Medicaid expansion in Oklahoma would bring health care coverage to 153,000 to 196,000 uninsured Oklahomans, according to a court filing last week.
The federal government would pay for 90% of the cost.
The result would be a state that is physically, psychologically and economically healthier, according to a coalition of health care groups that supports Medicaid expansion.
“Medicaid expansion can be expected to offer Oklahoma better health and mental health outcomes, increased access to services and medicine and financial stability for both families and health care providers,” according to the joint filing from the Oklahoma Hospital Association, the Oklahoma State Medical Association, the Oklahoma Osteopathic Association, the Oklahoma Nurses Association and Tulsa’s Saint Francis Health System.
The medical groups urge the state Supreme Court to allow circulation of an initiative petition to bring the Medicaid expansion to the state. If successful, the issue could go before voters in 2020.
Oklahoma — one of 14 states that hasn’t accepted federal Medicaid expansion funding — has the nation’s second-highest rate of uninsured people.
Rural Oklahoma hospitals have been hit hard by the state’s refusal to accept Medicaid money, the filing says. Largely because of uncompensated care, six rural hospitals have closed since 2010; another 17 are at high risk of closing, and 54% operate with a negative operating profit margin.

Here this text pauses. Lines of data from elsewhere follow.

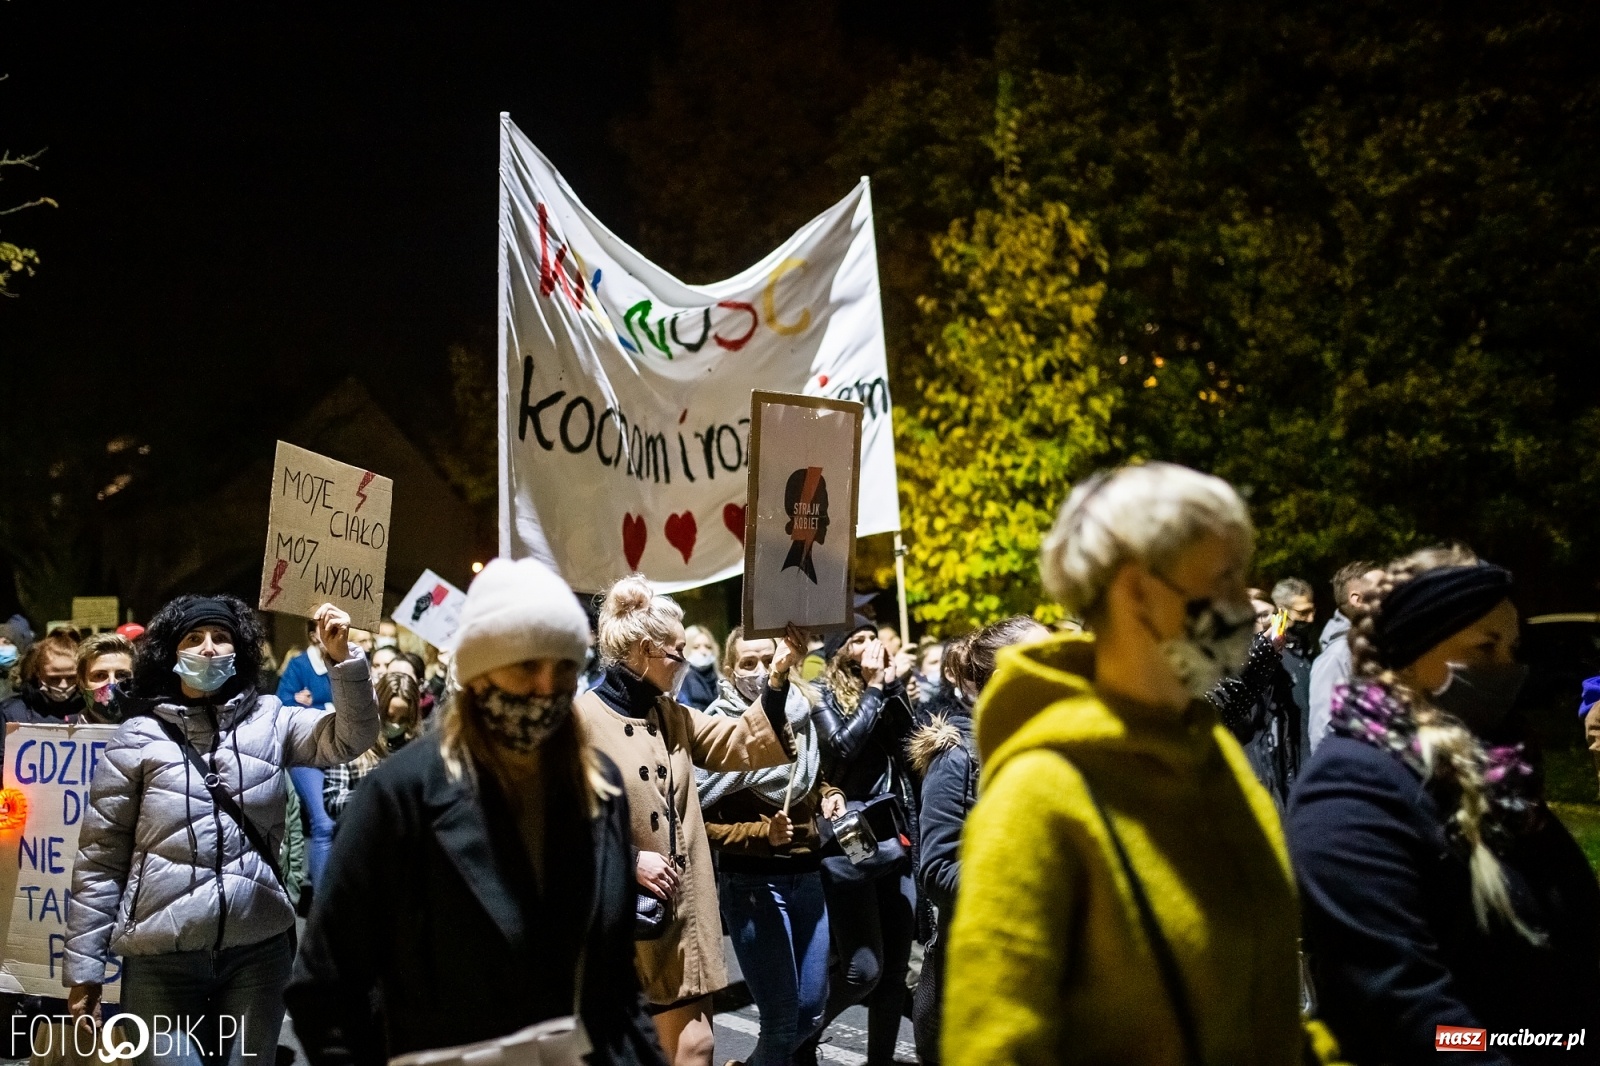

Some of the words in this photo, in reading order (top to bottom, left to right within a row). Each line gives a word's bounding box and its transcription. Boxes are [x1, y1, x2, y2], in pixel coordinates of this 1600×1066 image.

[679, 409, 696, 483] i
[794, 503, 820, 515] STRAJK
[794, 517, 818, 529] KOBIET
[330, 510, 385, 549] CIAŁO
[314, 563, 374, 603] WYBÓR
[18, 836, 65, 874] NIE
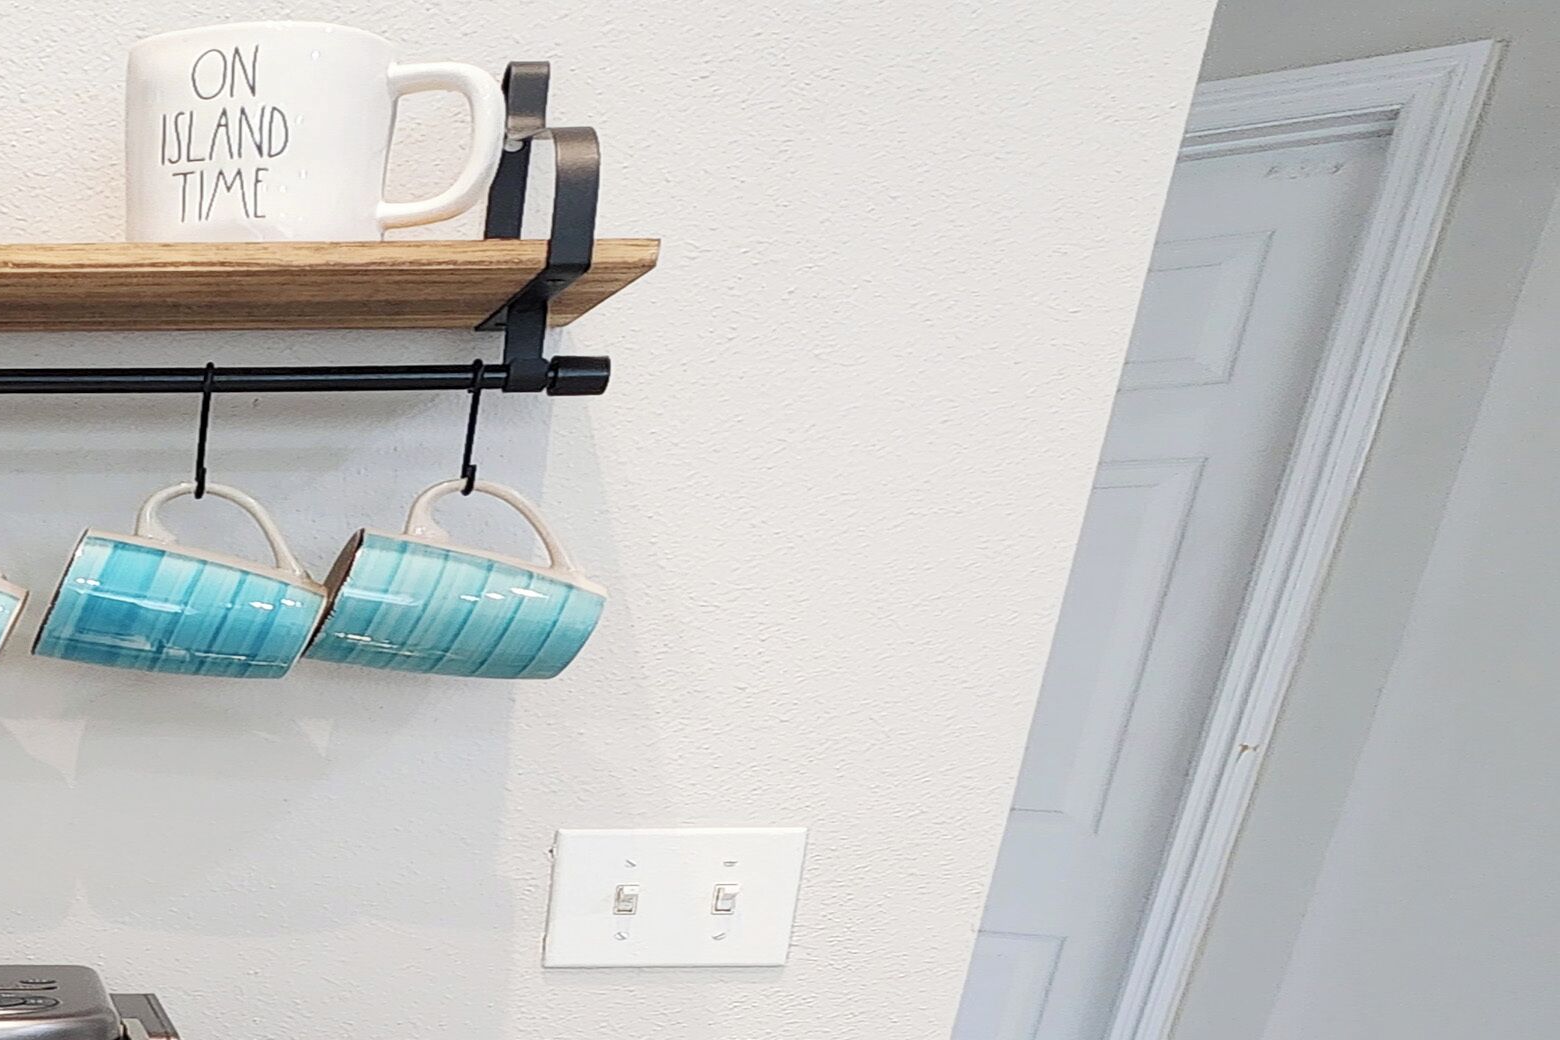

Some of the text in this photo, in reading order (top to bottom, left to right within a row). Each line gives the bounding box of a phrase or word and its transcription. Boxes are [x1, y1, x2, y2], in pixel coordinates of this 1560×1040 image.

[192, 45, 259, 100] ON
[161, 105, 289, 166] ISLAND
[172, 168, 269, 222] TIME

“A recent study found that rural hospitals in expansion states were 84% less likely to close that in nonexpansion states,” the filing says.
Oklahomans are paying for Medicaid expansion in other states, but our obstinate refusal to accept the money for our own people puts the health of the working poor and the financial stability of our rural hospital network at risk. The Supreme Court should allow the petition to move ahead.